How to add federated login

Externally by setting REMOTE_USER

We only know of SAML-support.

  • Apache: see mod_auth_mellon

  • Nginx: see nginx-saml

Internally with the help of a library

We use the 3rd party framework python-social-auth, aka. PSA, for handling federated logins/logouts internally. The minimum dependency is social-auth-core.

The settings-files add support for easier configuration of the OAuth2 provider we use ourselves but you can add similar support for your chosen provider.

SAML

See Python Social Auth SAML, which has the additional dependency social-auth-core[saml]. We haven’t as of yet tried the SAML-support.

OIDC

You need to install social-auth-core[openidconnect] then look at Python Social Auth OIDC.

OAuth2

You need to install social-auth-app-django.

Choose an OAUth2-provider

Have a look at the list of providers included with PSA at PSA’s list of supported providers.

Also be on the lookout for 3rd party providers, we use python-dataporten-auth (PyPI) <https://pypi.org/project/python-dataporten-auth/ ourselves.

Add the backend path of your chosen provider to the start of the Django setting AUTHENTICATION_BACKENDS. eg:

AUTHENTICATION_BACKENDS = [
  "dataporten.social.DataportenFeideOAuth2",
  "django.contrib.auth.backends.ModelBackend",
]

If you want to use ours the environment variables SOCIAL_AUTH_DATAPORTEN_KEY and SOCIAL_AUTH_DATAPORTEN_SECRET are used to make the client id and client secret available to the settings file.

Update urls.py

The urls in social_django.urls must be reacahable from the urls.py pointed to by your :setting:ROOT_URLCONF setting. The python-social-auth docs state to place the urls directly in your url root, but for better namespacing/isolation you can add them under oidc/, ie:

urlpatterns = [
  ...
  path("oidc/", include("social_django.urls", namespace="social")),
  ...
]

If you have the development dependencies installed you can check if these urls are already included via the management command show_urls.

Example: Github Backend

For the rest of this how-to we’ll use the GitHub OAuth2-provider for users as an example. We’ll base off of Python Social Auth: Github backend with a few minor differences

The backend path is social_core.backends.github.GithubOAuth2:

AUTHENTICATION_BACKENDS = [
  "social_core.backends.github.GithubOAuth2",
  "django.contrib.auth.backends.ModelBackend",
]
Get the key and secret for the provider

First, you must create a GH Oauth app. See Github: Creating an OAuth app

The Authorization callback url must match the social_django.urls path in your urlpatterns (ie. /oidc). The protocol, hostname and port must match the deployed Argus instance.

Note

Github also supports 127.0.0.1 as a callback url, which is useful during developmeent. In that case the port does not need to match, and in fact, you should not specify a port in the authorization callback url (ie. http://127.0.0.1/oidc)

Now create client credentials in the applications’ settings page.
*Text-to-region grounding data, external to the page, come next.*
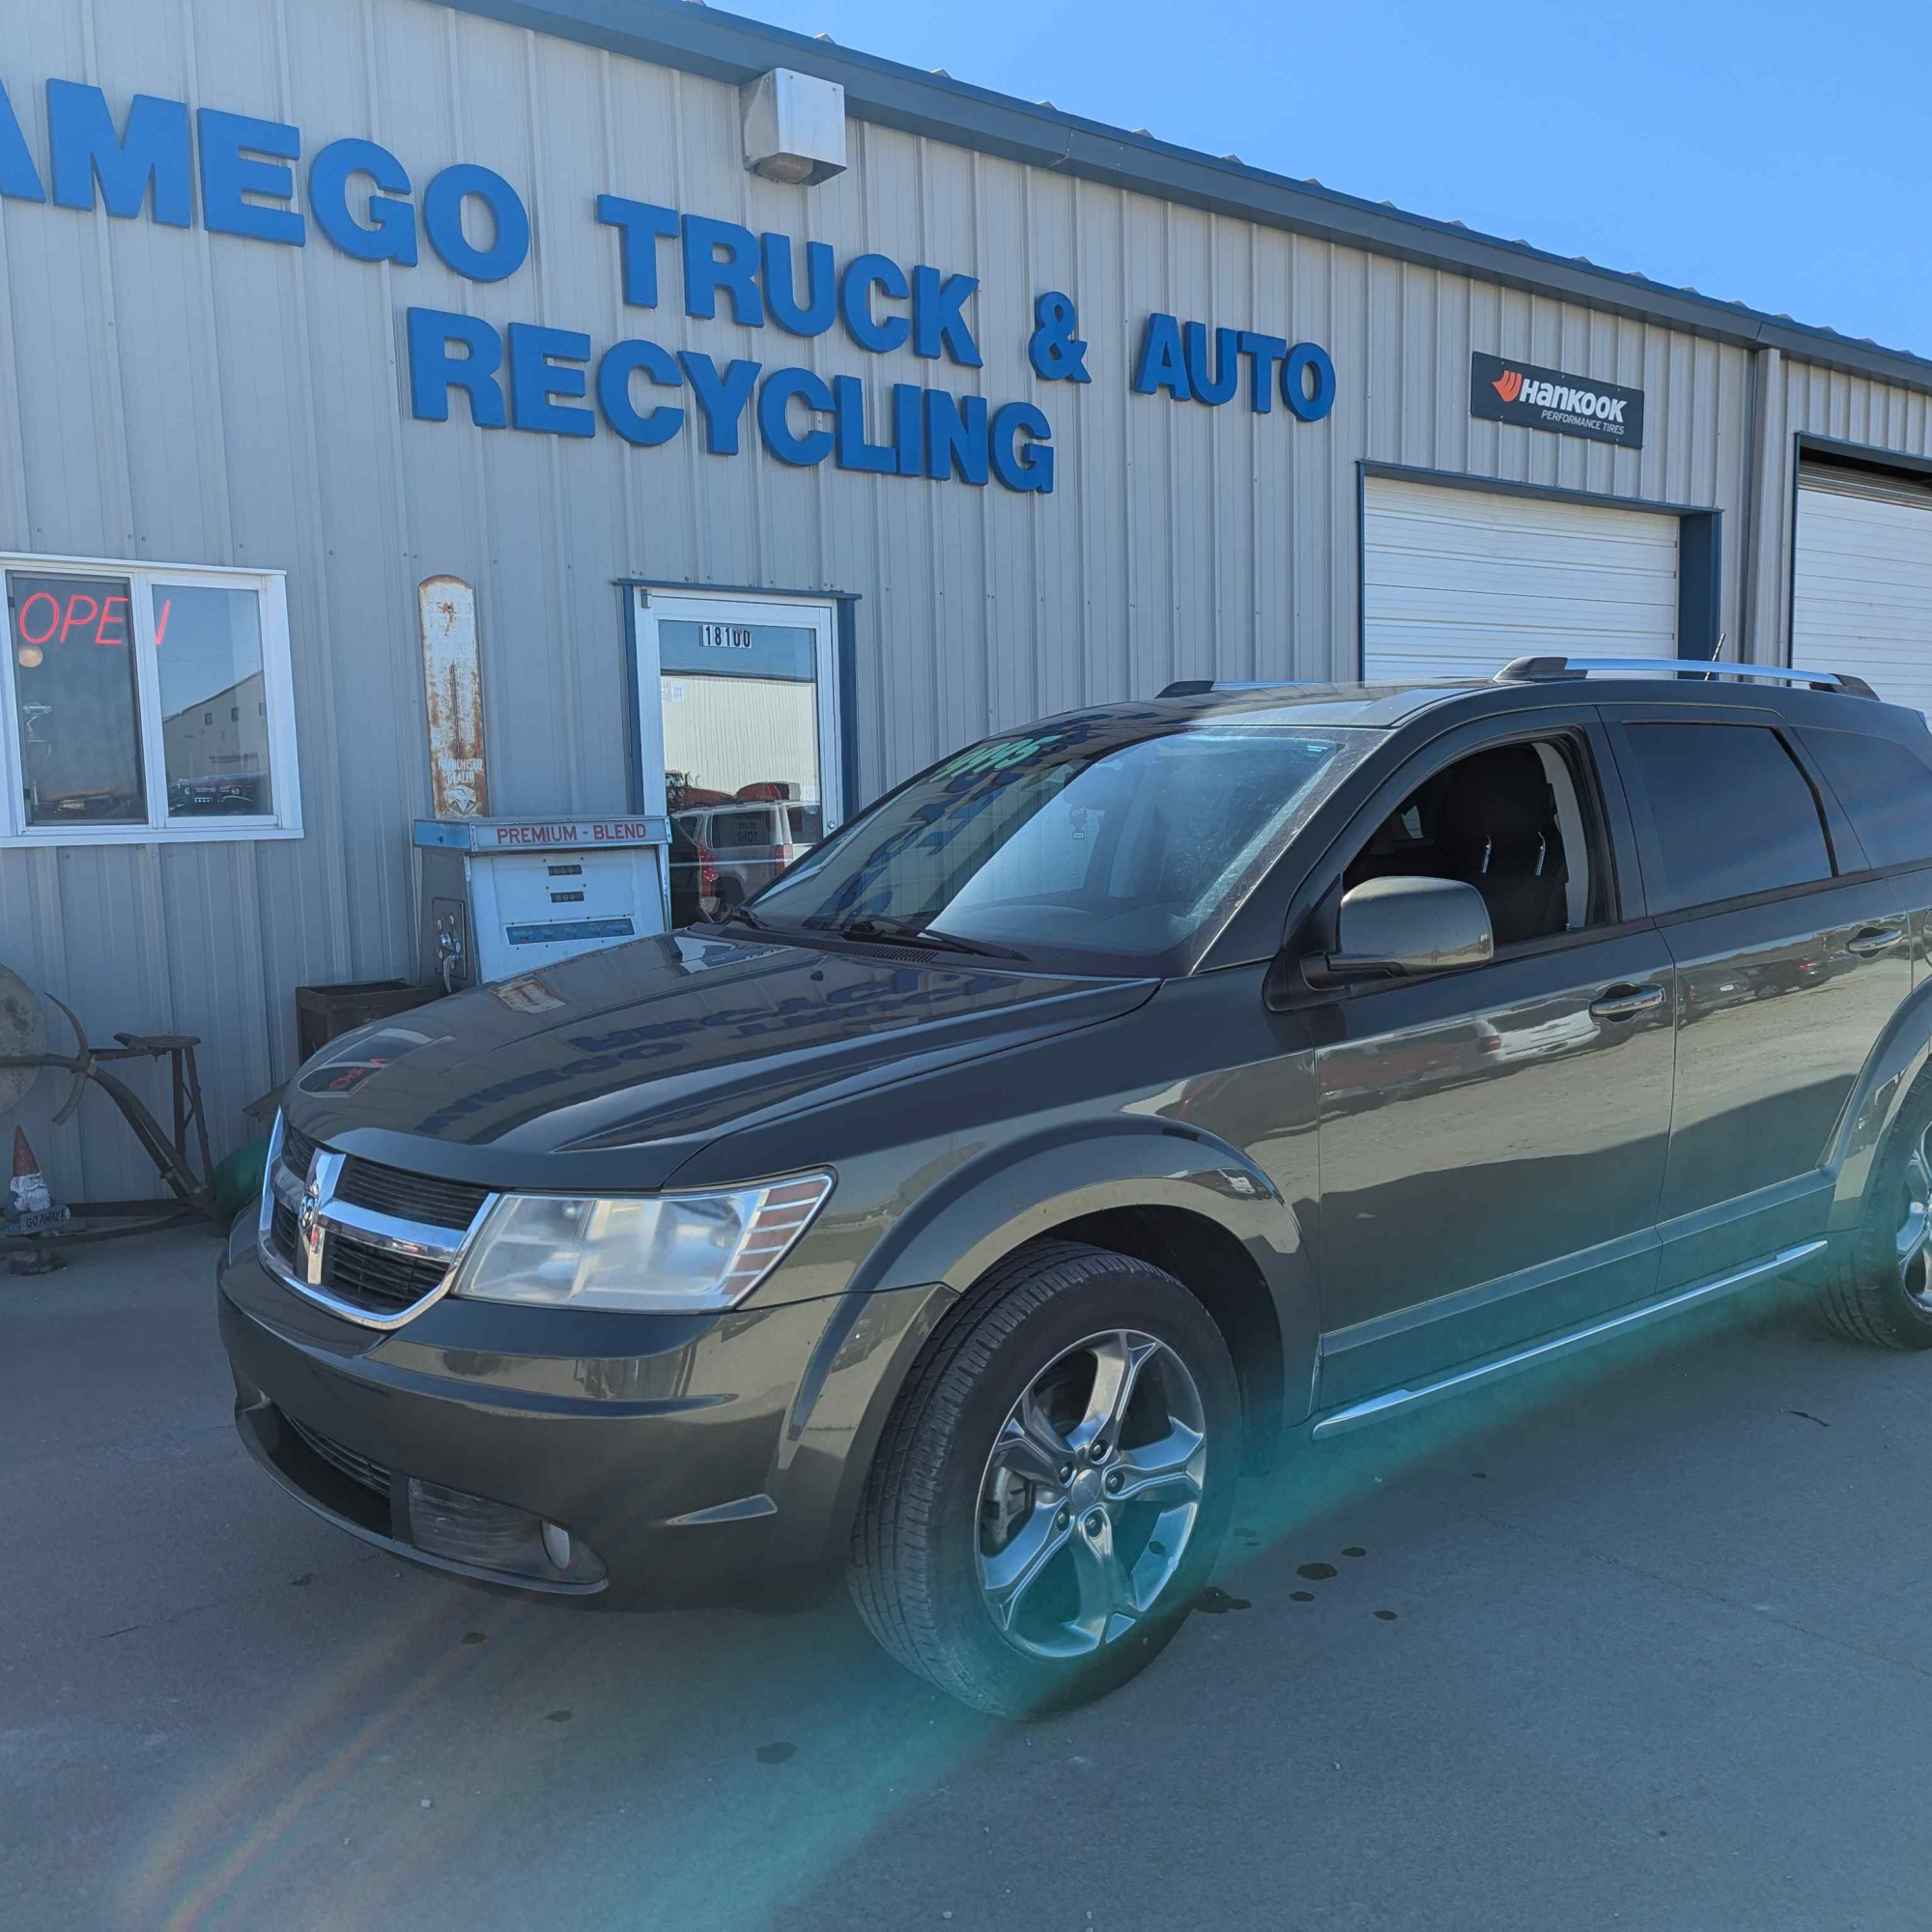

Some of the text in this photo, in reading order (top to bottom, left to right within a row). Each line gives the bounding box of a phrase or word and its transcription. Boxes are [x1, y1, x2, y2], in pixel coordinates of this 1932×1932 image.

[598, 194, 982, 368] TRUCK
[1029, 292, 1092, 384] &
[1135, 313, 1336, 421] AUTO
[407, 306, 1054, 494] RECYCLING
[1541, 410, 1624, 435] PERFORMANCE TIRES
[705, 626, 751, 648] 18100
[497, 825, 577, 844] PREMIUM
[593, 823, 646, 840] BLEND
[25, 1208, 64, 1227] GO AWAY!
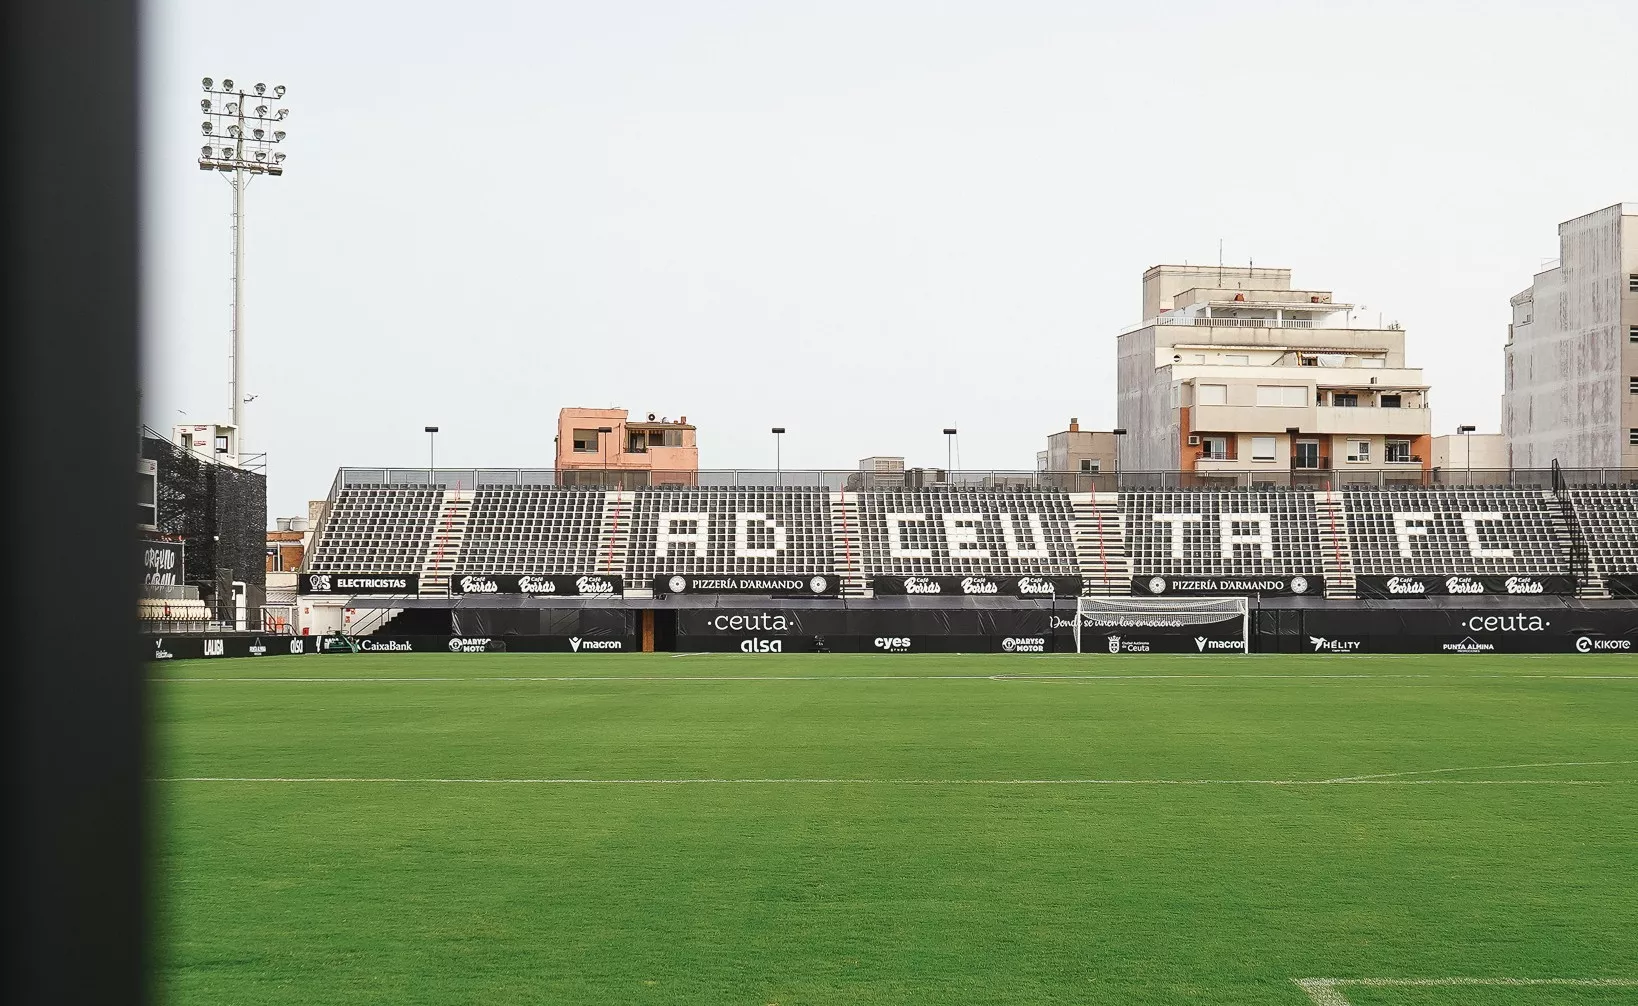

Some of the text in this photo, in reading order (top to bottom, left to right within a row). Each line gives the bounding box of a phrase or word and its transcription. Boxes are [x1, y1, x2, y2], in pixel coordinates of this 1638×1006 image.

[657, 512, 785, 558] AD
[1393, 512, 1513, 558] FC
[337, 579, 406, 588] ELECTRICISTAS
[692, 578, 803, 589] PIZZERÍA D'ARMANDO
[1172, 579, 1284, 590] PIZZERÍA D'ARMANDO
[714, 613, 788, 631] ceuta
[1469, 613, 1544, 631] ceuta
[204, 639, 225, 656] LALIGA
[361, 640, 413, 651] CaixaBank
[583, 640, 622, 649] macron
[741, 638, 782, 653] alsa
[874, 637, 911, 649] cyes
[1127, 644, 1150, 652] Ceuta
Update your settings.py with the following keys:

SOCIAL_AUTH_GITHUB_KEY = <github app client id>
SOCIAL_AUTH_GITHUB_SECRET = <github app client secret>

These settings differ per authentication backend but generally it is only the GITHUB part that changes

Test

Get and test the login url for the backend

The slug is a backend-specific textual id. Usually it is the name of the backend in lowercase, so in our example it is github. This is not always the case and also quite poorly documented.

When all the settings have been set, run Argus locally. The slug is available through the public JSON endpoint /login-methods/. The type is “OAuth2”. The name is the id of the backend. The url is what we’re after.

Visit the url. You should be redirected to GitHub. Log in there, and then be redirected back. If you are not redirected back correctly first check the callback url.

Derive and test the logout url for the backend

Replace login in the login-url with logout to derive the logout url. Paste the logout url into the url-field of the browser window you are logged into to test logging out.